🤖 AI Summary
Existing mesh-based generative methods for mechanical engineering lack the precision and parametric editability required for high-fidelity CAD design. Method: We propose the first end-to-end, natural language–driven framework for generating constructive solid geometry (CSG) code tailored to CAD workflows—bypassing low-fidelity mesh representations to directly produce syntactically correct, geometrically valid, and CAD-importable parametric CSG scripts in Python. Contribution/Results: Our approach introduces three key innovations: (1) the first application of large language models (LLMs) to CSG code generation; (2) the construction of the first publicly available Python dataset mapping boundary representation (BREP) geometries to CSG programs, annotated with natural language descriptions (validated by GPT-4 and refined manually); and (3) a pipeline integrating BREP geometric parsing, CSG compilation, and supervised fine-tuning (SFT) to map semantic descriptions and spatial constraints to executable geometric code.
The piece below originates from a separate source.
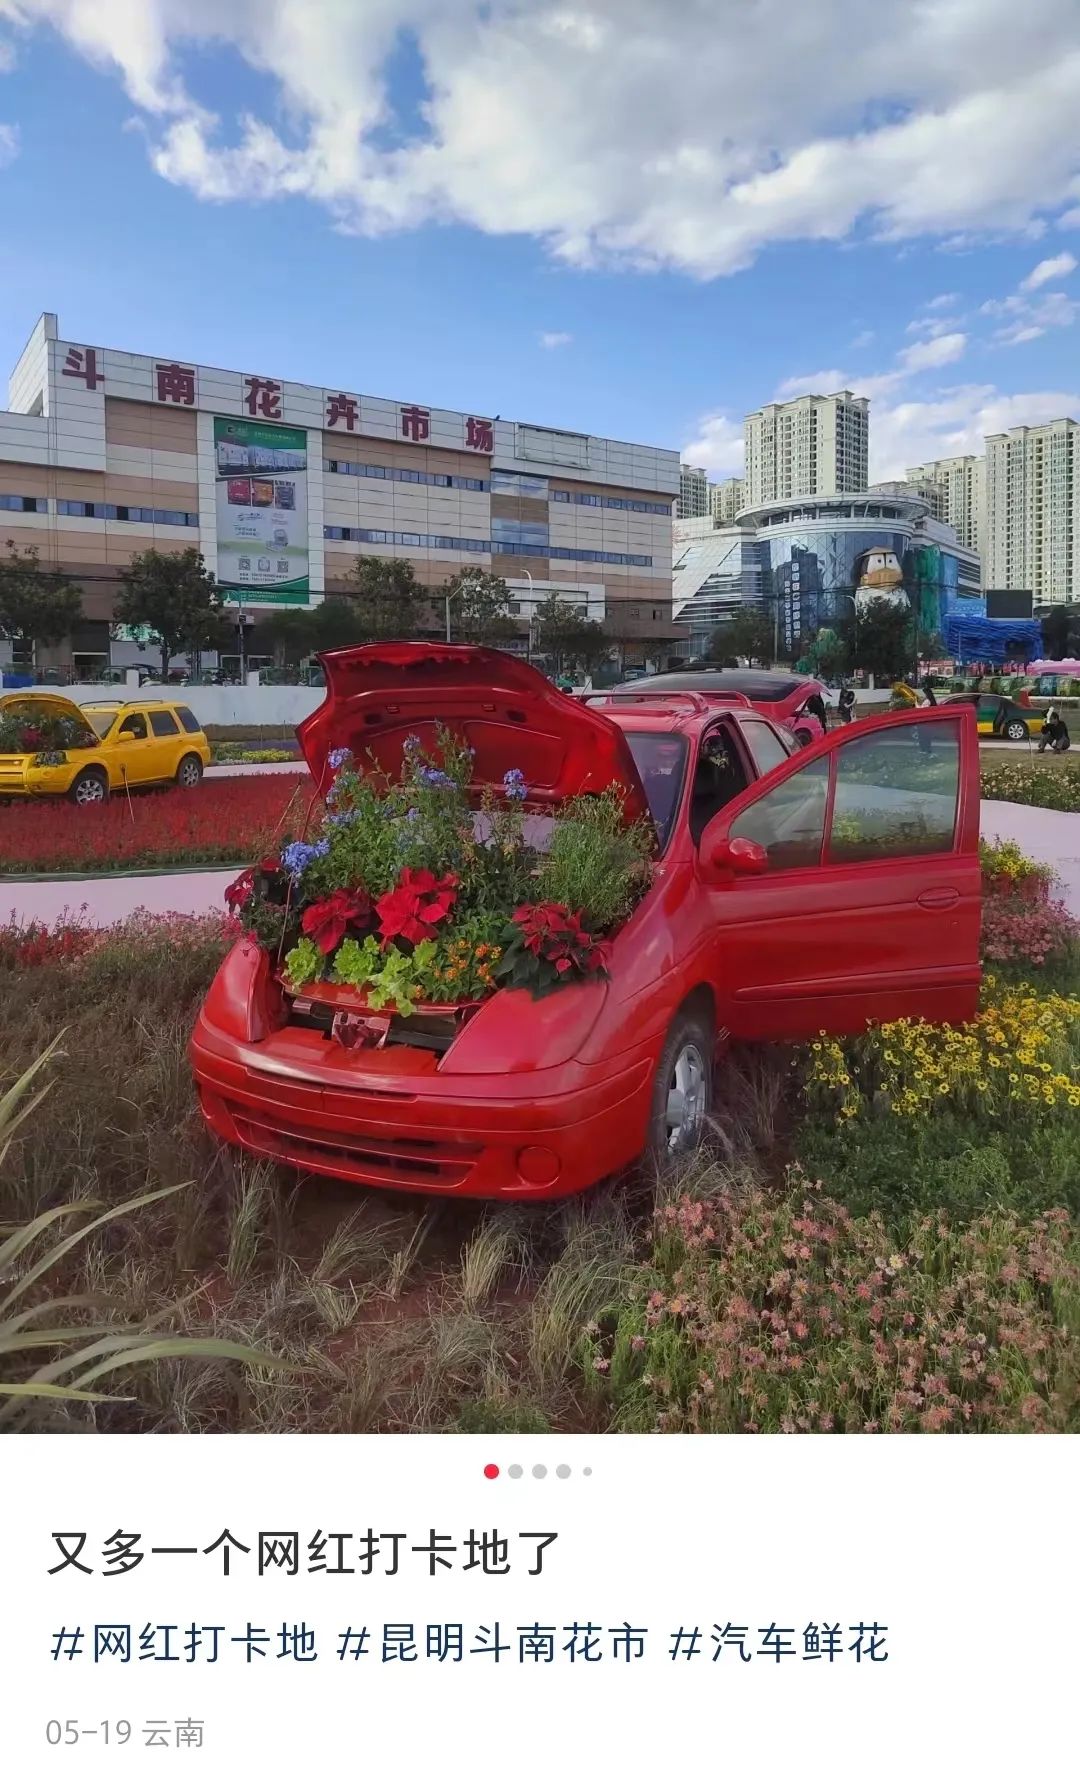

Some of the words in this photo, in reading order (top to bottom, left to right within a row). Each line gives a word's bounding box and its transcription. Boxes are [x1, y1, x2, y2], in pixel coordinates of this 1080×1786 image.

[61, 347, 494, 453] 斗南花卉市场
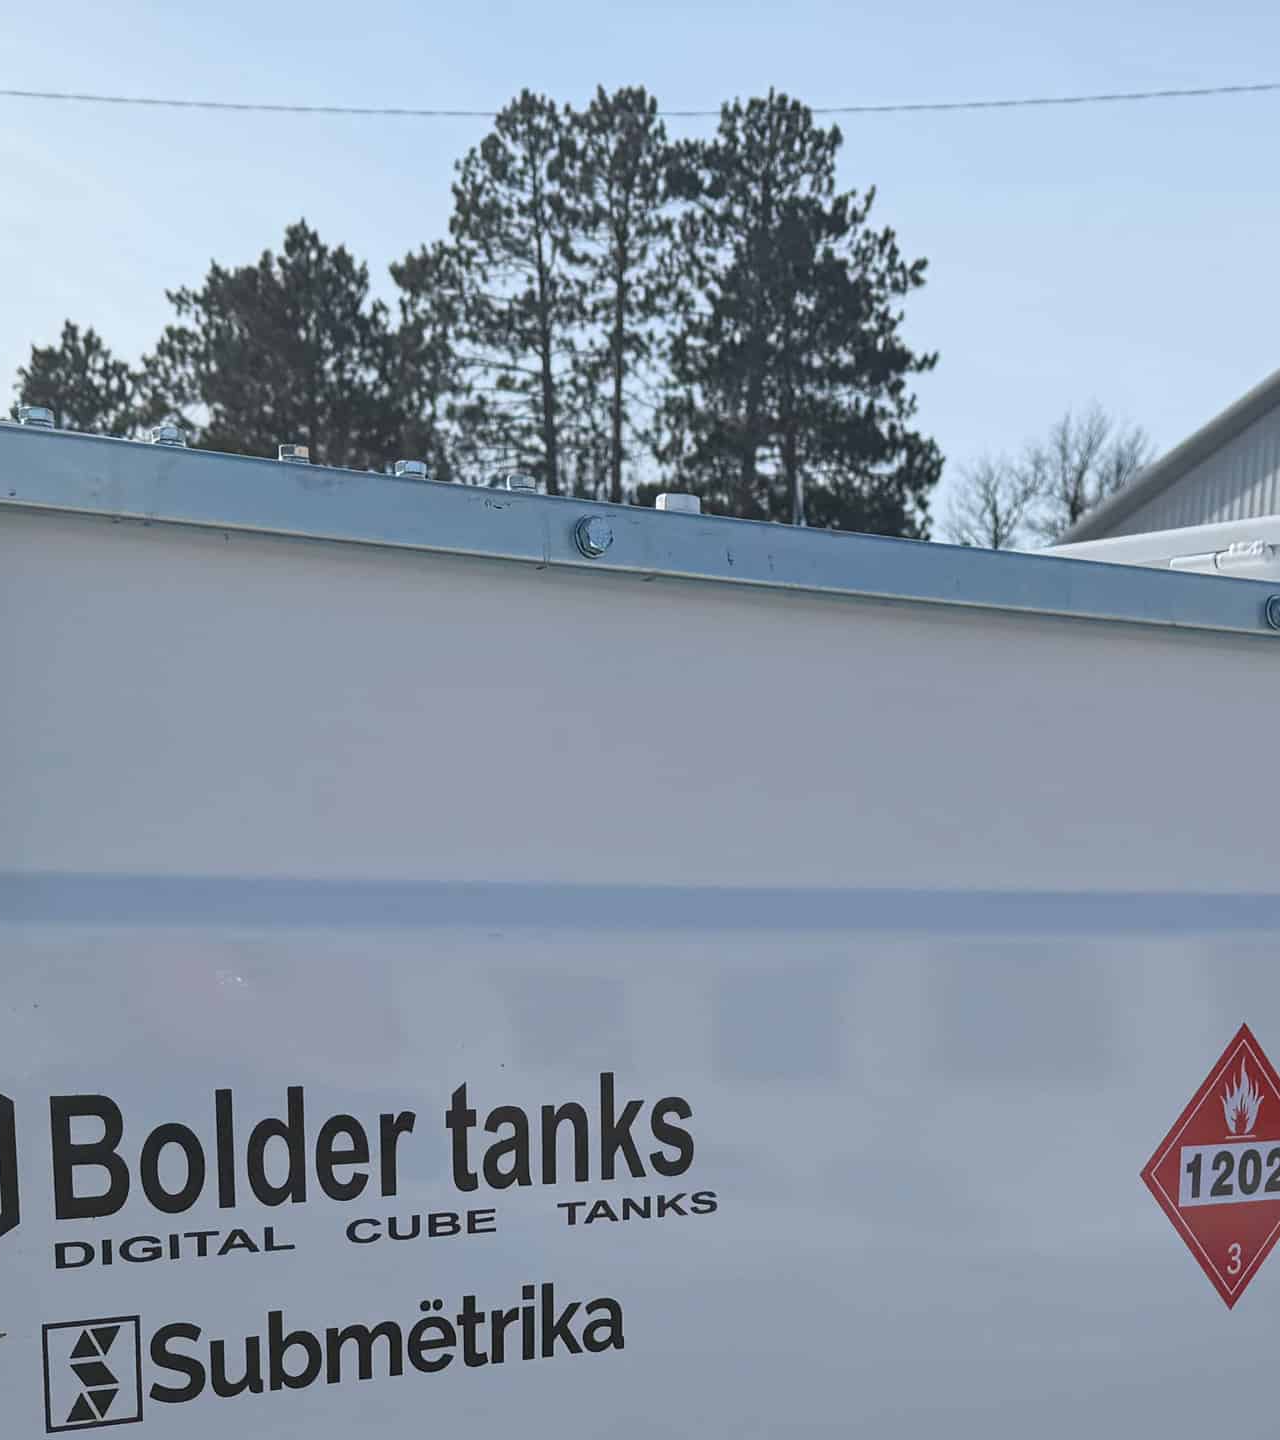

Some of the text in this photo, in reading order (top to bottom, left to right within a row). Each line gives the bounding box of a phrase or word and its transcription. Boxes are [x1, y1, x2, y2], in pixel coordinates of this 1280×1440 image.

Experiments demonstrate substantial improvements in both automation capability and modeling accuracy for mechanical design.
📝 Abstract
While recent advancements in machine learning, such as LLMs, are revolutionizing software development and creative industries, they have had minimal impact on engineers designing mechanical parts, which remains largely a manual process. Existing approaches to generating 3D geometry most commonly use meshes as a 3D representation. While meshes are suitable for assets in video games or animations, they lack sufficient precision and adaptability for mechanical engineering purposes. This paper introduces a novel approach for the generation of 3D geometry that generates surface-based Constructive Solid Geometry (CSG) by leveraging a code-generation LLM. First, we create a dataset of 3D mechanical parts represented as code scripts by converting Boundary Representation geometry (BREP) into CSG-based Python scripts. Second, we create annotations in natural language using GPT-4. The resulting dataset is used to fine-tune a code-generation LLM. The fine-tuned LLM can complete geometries based on positional input and natural language in a plausible way, demonstrating geometric understanding.